> [PROBLEM]: Strip the pictures and reproduce the rest of the listing exactly.

> [AVAILABLE RECORDS]:
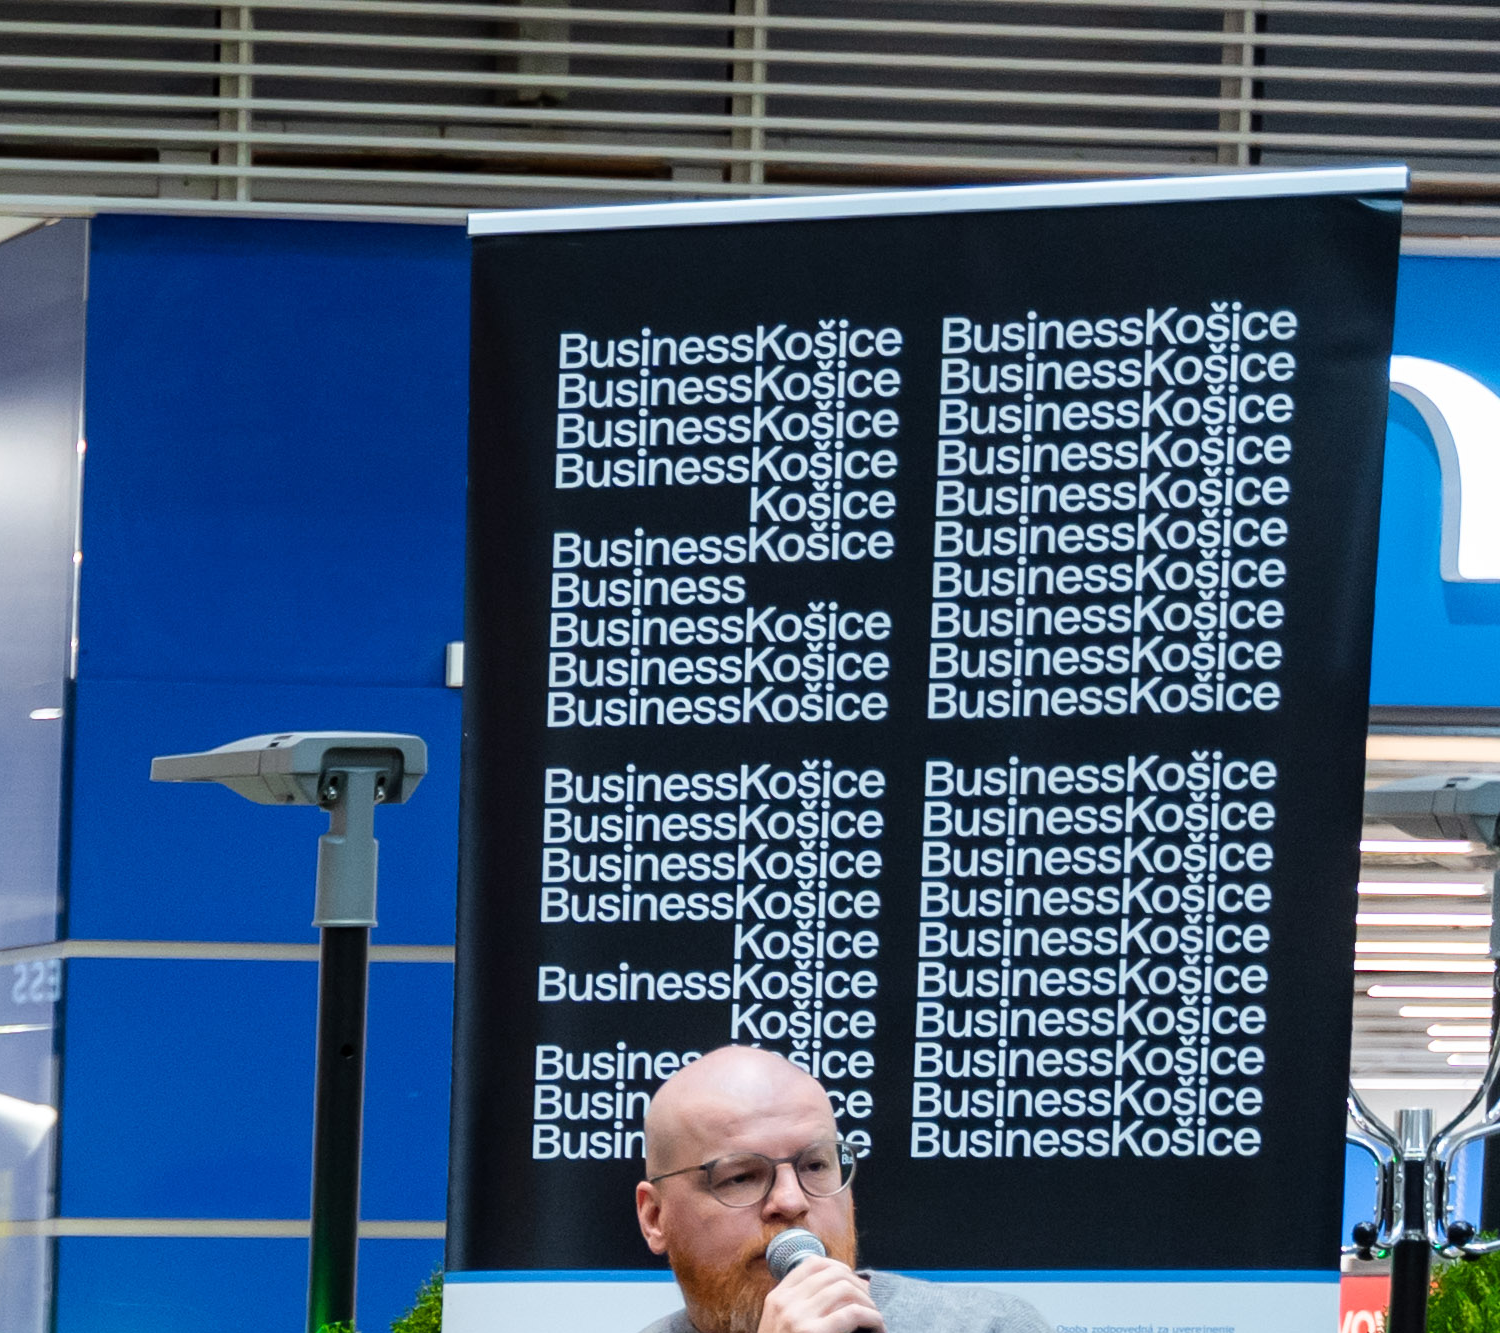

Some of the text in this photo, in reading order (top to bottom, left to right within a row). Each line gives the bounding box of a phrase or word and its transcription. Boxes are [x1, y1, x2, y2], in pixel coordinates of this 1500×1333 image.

[560, 317, 902, 370] BusinessKošice
[942, 300, 1297, 355] BusinessKošice
[558, 358, 900, 410] BusinessKošice
[941, 341, 1295, 395] BusinessKošice
[557, 398, 899, 450] BusinessKošice
[939, 382, 1294, 436] BusinessKošice
[556, 439, 897, 489] BusinessKošice
[938, 424, 1291, 477] BusinessKošice
[750, 479, 896, 523] Košice
[936, 465, 1290, 517] BusinessKošice
[553, 520, 894, 569] BusinessKošice
[934, 506, 1288, 558] BusinessKošice
[552, 569, 745, 609] Business
[933, 548, 1286, 599] BusinessKošice
[550, 601, 891, 648] BusinessKošice
[931, 589, 1284, 639] BusinessKošice
[549, 641, 889, 688] BusinessKošice
[929, 630, 1282, 679] BusinessKošice
[547, 682, 888, 728] BusinessKošice
[928, 671, 1280, 720] BusinessKošice
[545, 759, 885, 804] BusinessKošice
[925, 750, 1277, 797] BusinessKošice
[544, 799, 883, 844] BusinessKošice
[923, 791, 1275, 838] BusinessKošice
[542, 839, 882, 883] BusinessKošice
[922, 832, 1273, 878] BusinessKošice
[541, 879, 880, 923] BusinessKošice
[920, 873, 1271, 918] BusinessKošice
[734, 920, 879, 960] Košice
[919, 913, 1270, 958] BusinessKošice
[538, 960, 878, 1002] BusinessKošice
[917, 954, 1268, 998] BusinessKošice
[731, 999, 876, 1040] Košice
[916, 995, 1266, 1038] BusinessKošice
[914, 1035, 1265, 1078] BusinessKošice
[913, 1076, 1263, 1118] BusinessKošice
[911, 1117, 1261, 1158] BusinessKošice
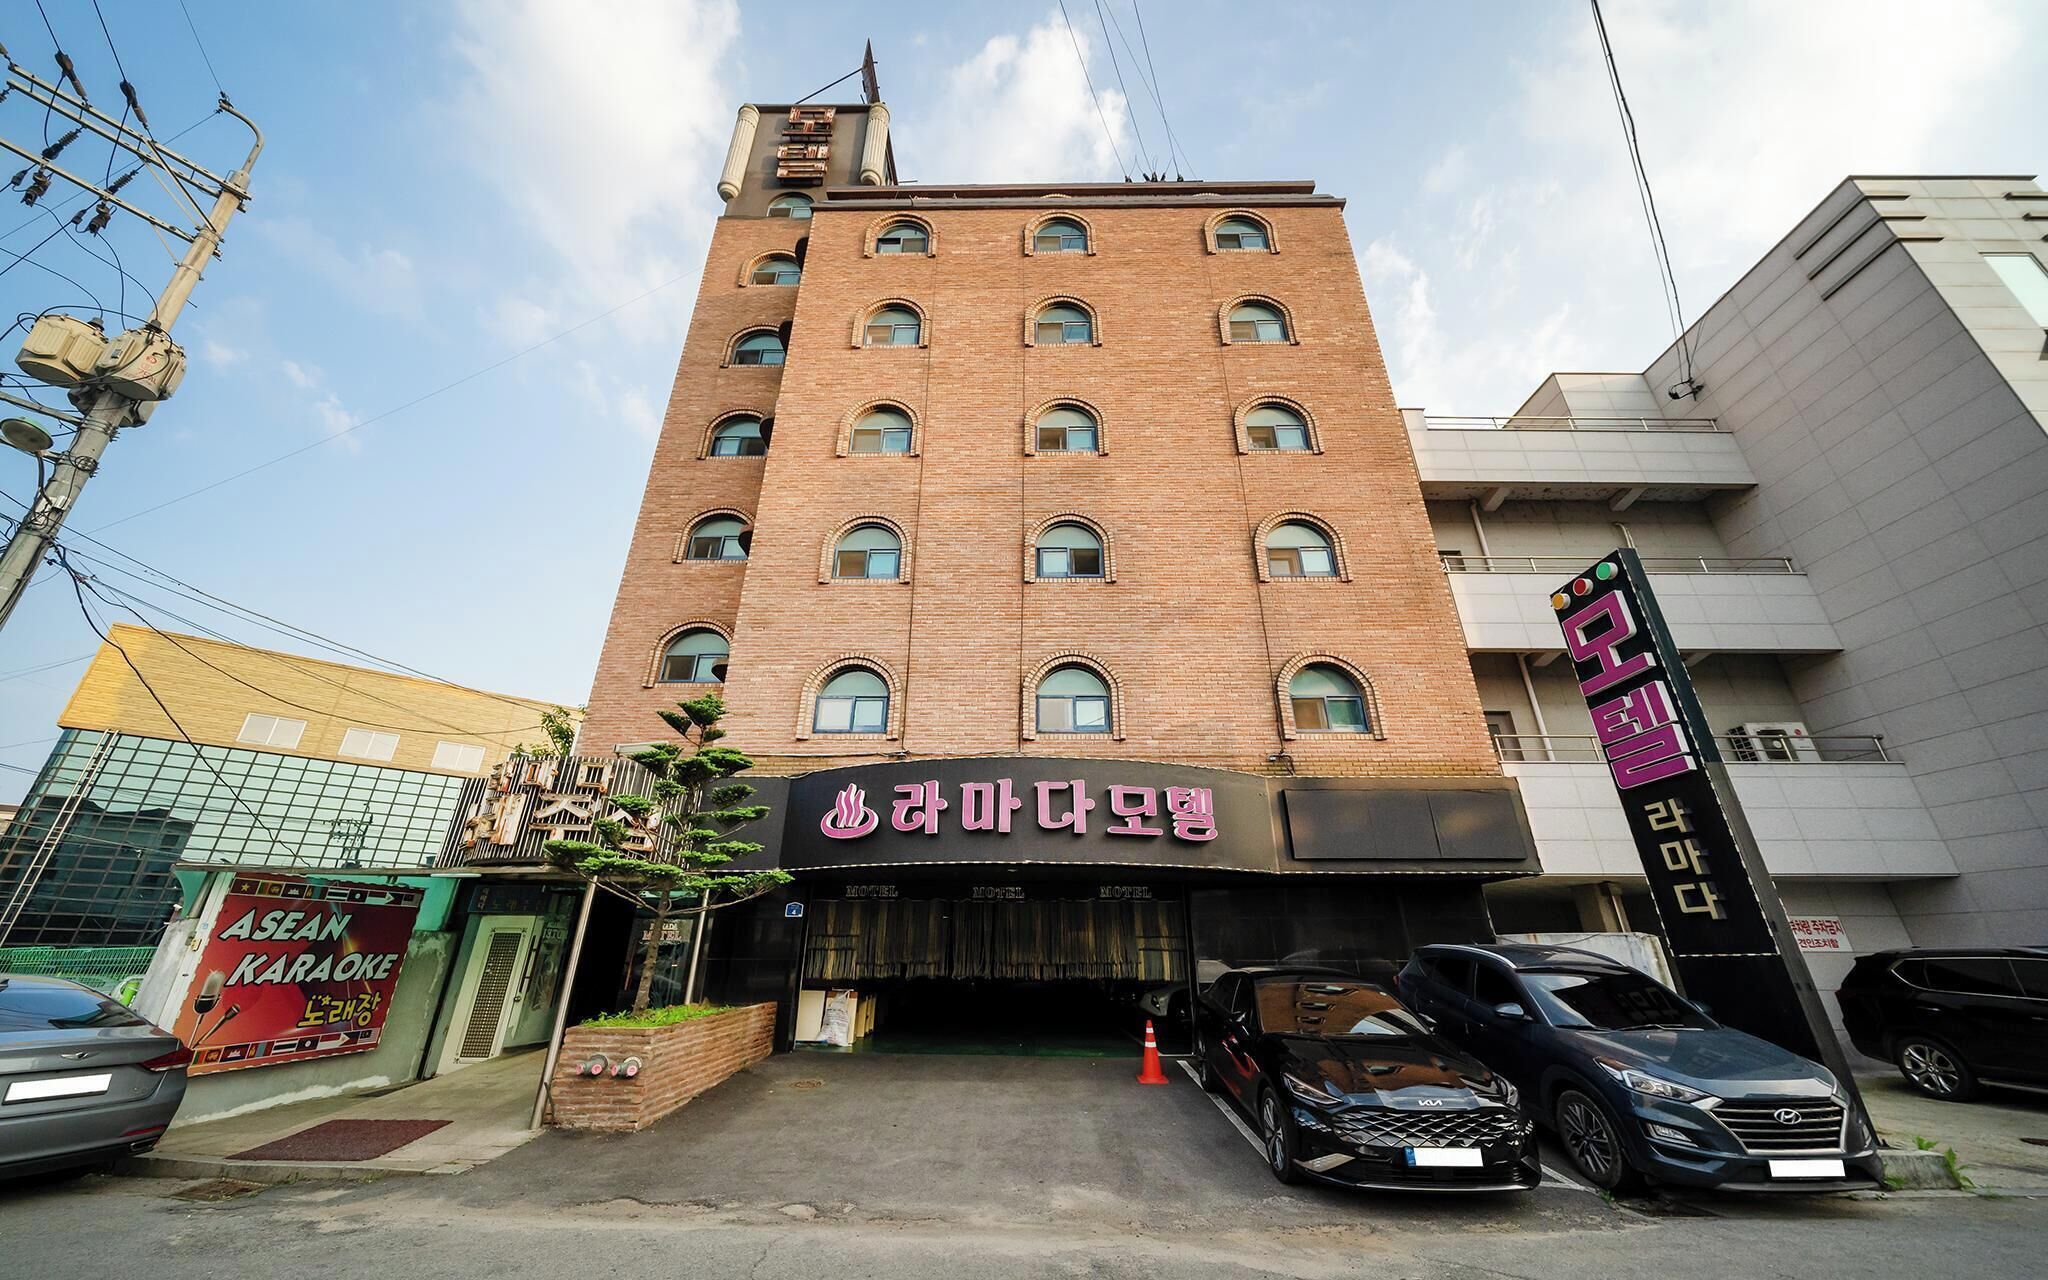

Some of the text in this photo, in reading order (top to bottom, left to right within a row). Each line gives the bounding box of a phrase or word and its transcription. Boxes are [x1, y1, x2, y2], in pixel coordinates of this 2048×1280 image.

[776, 106, 836, 181] 모텔
[1562, 590, 1697, 789] 모텔
[1644, 798, 1726, 921] 라마다
[846, 885, 898, 897] MOTEL
[972, 886, 1025, 899] MOTEL
[1099, 885, 1152, 898] MOTEL
[219, 907, 352, 942] ASEAN
[642, 930, 682, 941] MTEL
[223, 952, 399, 987] KARAOKE
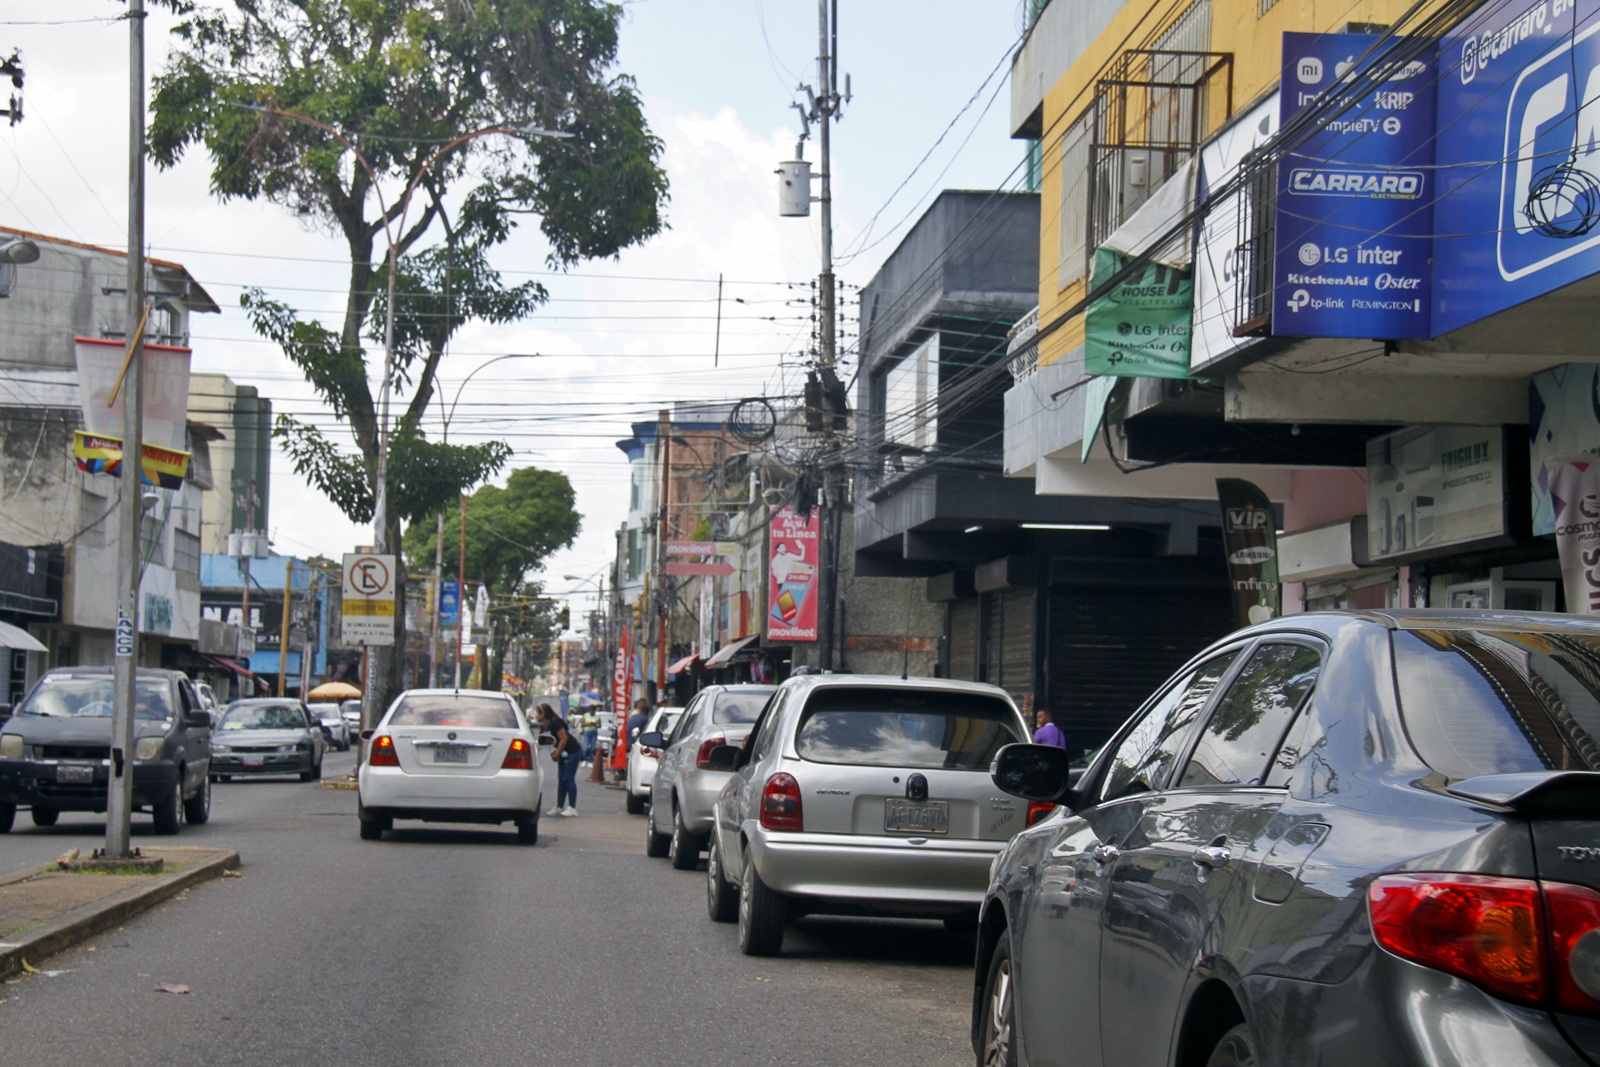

> [WRITTEN ANSWER]:
Some of the text in this photo, in reading order (top to bottom, left to right within a row). Each line gives the bounding box of a phrase or word and its transcription. Boxes are [x1, y1, x2, y2], in pixel coordinates of this 1500×1333 image.

[560, 317, 902, 370] BusinessKošice
[942, 300, 1297, 355] BusinessKošice
[558, 358, 900, 410] BusinessKošice
[941, 341, 1295, 395] BusinessKošice
[557, 398, 899, 450] BusinessKošice
[939, 382, 1294, 436] BusinessKošice
[556, 439, 897, 489] BusinessKošice
[938, 424, 1291, 477] BusinessKošice
[750, 479, 896, 523] Košice
[936, 465, 1290, 517] BusinessKošice
[553, 520, 894, 569] BusinessKošice
[934, 506, 1288, 558] BusinessKošice
[552, 569, 745, 609] Business
[933, 548, 1286, 599] BusinessKošice
[550, 601, 891, 648] BusinessKošice
[931, 589, 1284, 639] BusinessKošice
[549, 641, 889, 688] BusinessKošice
[929, 630, 1282, 679] BusinessKošice
[547, 682, 888, 728] BusinessKošice
[928, 671, 1280, 720] BusinessKošice
[545, 759, 885, 804] BusinessKošice
[925, 750, 1277, 797] BusinessKošice
[544, 799, 883, 844] BusinessKošice
[923, 791, 1275, 838] BusinessKošice
[542, 839, 882, 883] BusinessKošice
[922, 832, 1273, 878] BusinessKošice
[541, 879, 880, 923] BusinessKošice
[920, 873, 1271, 918] BusinessKošice
[734, 920, 879, 960] Košice
[919, 913, 1270, 958] BusinessKošice
[538, 960, 878, 1002] BusinessKošice
[917, 954, 1268, 998] BusinessKošice
[731, 999, 876, 1040] Košice
[916, 995, 1266, 1038] BusinessKošice
[914, 1035, 1265, 1078] BusinessKošice
[913, 1076, 1263, 1118] BusinessKošice
[911, 1117, 1261, 1158] BusinessKošice

Some of the text in this photo, in reading order (top to bottom, left to right within a row). Each line gives the bounding box of a phrase or word and its transcription. Boxes are [x1, y1, x2, y2], in pixel coordinates of this 2048×1280 image.

[776, 106, 836, 181] 모텔
[1562, 590, 1697, 789] 모텔
[1644, 798, 1726, 921] 라마다
[846, 885, 898, 897] MOTEL
[972, 886, 1025, 899] MOTEL
[1099, 885, 1152, 898] MOTEL
[219, 907, 352, 942] ASEAN
[642, 930, 682, 941] MTEL
[223, 952, 399, 987] KARAOKE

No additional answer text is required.